国王陛下は純潔乙女を独占愛で染め上げたい



・・レアを生贄に、だとぉ?



確かに、それは、この場をしのぐ最上の方法かもしれなかった。

そもそも、反乱を起こしたのは、兵士ではなく、一般の農民や商人が中心と思われた。

もしも兵士であれば、貴族の屋敷から、この王宮まで、馬で整然と駆け抜けてきたことだろう。
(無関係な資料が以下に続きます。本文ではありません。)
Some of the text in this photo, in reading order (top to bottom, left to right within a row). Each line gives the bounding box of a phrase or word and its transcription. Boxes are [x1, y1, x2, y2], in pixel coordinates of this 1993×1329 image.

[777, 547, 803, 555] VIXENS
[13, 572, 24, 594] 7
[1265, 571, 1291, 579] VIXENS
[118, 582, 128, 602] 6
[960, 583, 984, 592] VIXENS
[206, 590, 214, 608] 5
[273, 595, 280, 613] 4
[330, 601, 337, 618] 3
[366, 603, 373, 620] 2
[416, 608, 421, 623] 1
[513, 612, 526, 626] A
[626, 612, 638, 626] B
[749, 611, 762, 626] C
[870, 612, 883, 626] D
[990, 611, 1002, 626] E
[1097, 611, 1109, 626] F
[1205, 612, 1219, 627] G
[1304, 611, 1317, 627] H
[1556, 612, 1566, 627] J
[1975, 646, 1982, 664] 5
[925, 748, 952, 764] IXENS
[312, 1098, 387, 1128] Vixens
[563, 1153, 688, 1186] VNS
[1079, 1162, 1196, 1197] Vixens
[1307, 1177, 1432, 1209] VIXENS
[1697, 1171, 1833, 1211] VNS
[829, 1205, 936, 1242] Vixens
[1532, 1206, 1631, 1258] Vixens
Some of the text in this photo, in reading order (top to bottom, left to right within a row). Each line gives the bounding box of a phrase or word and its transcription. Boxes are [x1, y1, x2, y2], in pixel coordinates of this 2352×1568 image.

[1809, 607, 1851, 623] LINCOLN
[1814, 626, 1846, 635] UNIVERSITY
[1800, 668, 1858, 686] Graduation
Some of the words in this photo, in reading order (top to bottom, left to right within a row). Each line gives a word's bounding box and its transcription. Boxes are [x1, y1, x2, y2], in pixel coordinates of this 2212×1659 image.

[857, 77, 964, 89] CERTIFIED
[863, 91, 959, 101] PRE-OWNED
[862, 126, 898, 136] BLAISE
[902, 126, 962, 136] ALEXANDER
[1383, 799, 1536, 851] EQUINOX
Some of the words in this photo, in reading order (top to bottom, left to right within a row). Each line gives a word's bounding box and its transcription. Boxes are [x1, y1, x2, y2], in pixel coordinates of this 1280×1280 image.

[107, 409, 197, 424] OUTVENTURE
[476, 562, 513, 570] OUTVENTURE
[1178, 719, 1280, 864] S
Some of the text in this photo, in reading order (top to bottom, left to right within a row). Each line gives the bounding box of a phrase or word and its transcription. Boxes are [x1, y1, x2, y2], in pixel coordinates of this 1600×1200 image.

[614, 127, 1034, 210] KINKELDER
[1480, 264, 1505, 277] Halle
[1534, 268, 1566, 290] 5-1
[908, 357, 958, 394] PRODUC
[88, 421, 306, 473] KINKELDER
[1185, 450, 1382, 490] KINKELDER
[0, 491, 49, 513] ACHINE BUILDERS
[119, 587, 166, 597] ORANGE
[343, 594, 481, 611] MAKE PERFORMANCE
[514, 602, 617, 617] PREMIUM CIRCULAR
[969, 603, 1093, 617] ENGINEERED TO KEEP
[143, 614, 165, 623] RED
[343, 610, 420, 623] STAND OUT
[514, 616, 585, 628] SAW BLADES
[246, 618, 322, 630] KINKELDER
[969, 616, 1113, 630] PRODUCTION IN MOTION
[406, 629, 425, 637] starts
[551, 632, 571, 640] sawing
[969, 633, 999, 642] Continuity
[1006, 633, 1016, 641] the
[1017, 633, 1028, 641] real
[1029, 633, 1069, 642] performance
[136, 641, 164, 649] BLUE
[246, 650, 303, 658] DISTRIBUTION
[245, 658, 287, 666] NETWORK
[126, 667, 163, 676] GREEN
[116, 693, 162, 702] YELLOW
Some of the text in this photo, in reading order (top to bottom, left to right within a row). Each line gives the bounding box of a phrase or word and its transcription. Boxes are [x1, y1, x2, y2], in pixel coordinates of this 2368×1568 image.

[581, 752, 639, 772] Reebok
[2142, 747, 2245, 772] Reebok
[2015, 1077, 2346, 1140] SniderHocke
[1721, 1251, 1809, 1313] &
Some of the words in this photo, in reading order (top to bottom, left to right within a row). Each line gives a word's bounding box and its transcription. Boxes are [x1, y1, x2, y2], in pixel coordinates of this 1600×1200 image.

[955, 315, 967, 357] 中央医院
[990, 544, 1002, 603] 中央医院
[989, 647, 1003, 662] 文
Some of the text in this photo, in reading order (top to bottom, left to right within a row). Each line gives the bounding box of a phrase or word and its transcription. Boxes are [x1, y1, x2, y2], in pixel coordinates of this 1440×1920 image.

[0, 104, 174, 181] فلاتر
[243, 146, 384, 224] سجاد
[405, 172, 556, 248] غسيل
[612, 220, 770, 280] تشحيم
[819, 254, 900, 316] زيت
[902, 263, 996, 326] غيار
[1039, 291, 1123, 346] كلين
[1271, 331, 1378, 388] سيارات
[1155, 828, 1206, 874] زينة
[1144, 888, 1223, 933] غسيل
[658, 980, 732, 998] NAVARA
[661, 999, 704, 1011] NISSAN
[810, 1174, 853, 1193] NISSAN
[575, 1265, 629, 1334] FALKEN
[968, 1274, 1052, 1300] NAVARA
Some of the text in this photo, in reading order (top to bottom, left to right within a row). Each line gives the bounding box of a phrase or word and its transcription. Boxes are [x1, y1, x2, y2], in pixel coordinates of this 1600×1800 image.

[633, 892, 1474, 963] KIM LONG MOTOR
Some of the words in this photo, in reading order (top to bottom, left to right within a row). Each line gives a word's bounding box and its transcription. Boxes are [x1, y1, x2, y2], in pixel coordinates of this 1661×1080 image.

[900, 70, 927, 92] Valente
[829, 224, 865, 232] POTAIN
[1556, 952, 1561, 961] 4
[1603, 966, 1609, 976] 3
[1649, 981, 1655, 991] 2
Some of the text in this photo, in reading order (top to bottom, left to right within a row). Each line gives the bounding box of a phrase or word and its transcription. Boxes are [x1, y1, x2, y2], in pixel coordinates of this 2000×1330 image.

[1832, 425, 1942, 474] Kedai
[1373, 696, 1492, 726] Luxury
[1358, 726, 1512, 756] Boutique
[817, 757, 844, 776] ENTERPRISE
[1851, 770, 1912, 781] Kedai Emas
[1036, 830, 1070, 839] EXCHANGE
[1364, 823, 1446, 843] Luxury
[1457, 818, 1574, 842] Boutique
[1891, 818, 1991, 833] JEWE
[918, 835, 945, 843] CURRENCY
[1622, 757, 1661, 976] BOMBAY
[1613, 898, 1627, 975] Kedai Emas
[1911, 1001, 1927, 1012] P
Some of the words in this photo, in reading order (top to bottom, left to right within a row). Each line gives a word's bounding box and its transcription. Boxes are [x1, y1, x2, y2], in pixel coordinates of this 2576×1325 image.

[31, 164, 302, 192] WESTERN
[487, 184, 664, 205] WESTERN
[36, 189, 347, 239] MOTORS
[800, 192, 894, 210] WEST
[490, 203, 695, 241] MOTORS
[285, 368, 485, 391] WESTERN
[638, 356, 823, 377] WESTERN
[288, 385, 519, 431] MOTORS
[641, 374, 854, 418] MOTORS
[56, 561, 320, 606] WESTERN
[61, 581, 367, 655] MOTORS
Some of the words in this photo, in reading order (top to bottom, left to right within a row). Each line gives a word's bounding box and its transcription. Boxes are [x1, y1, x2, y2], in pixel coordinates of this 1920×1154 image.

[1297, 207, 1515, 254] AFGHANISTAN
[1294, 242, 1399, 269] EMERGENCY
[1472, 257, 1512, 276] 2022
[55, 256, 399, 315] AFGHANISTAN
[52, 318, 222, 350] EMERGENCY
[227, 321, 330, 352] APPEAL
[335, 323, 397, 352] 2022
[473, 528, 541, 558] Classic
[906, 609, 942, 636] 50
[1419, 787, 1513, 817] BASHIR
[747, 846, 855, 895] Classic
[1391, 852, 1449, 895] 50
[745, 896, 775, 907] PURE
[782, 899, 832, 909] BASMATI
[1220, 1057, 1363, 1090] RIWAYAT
今頃、この王宮は、ぐるりと取り囲まれ、一斉に火矢を射られていたに違いない。

それが、この速度。


おそらく、戦に慣れていないものたちが、徒歩でこの王宮を目指しているのだ。

普段は、なんの恐れもないただの民衆。

だが、ひとたび、その怒りに火がつけば、たとえ王といえども、無傷ではいられない。

人海戦術に勝る策を打ち立てられる策士など、惰性で続いてきたこの王宮には、存在しないのだから。


唯一、この場をまるく収める方法。

それは、反乱の元である、民衆の怒りを静めること。

彼らだって、無用の血を流したいわけではないはずだ。


そして、民衆の怒りを静めるためには、

クリナリア祭で祭祀王となったレアに、全ての罪を着せ、

民衆の前に、生贄として放り出せばよい。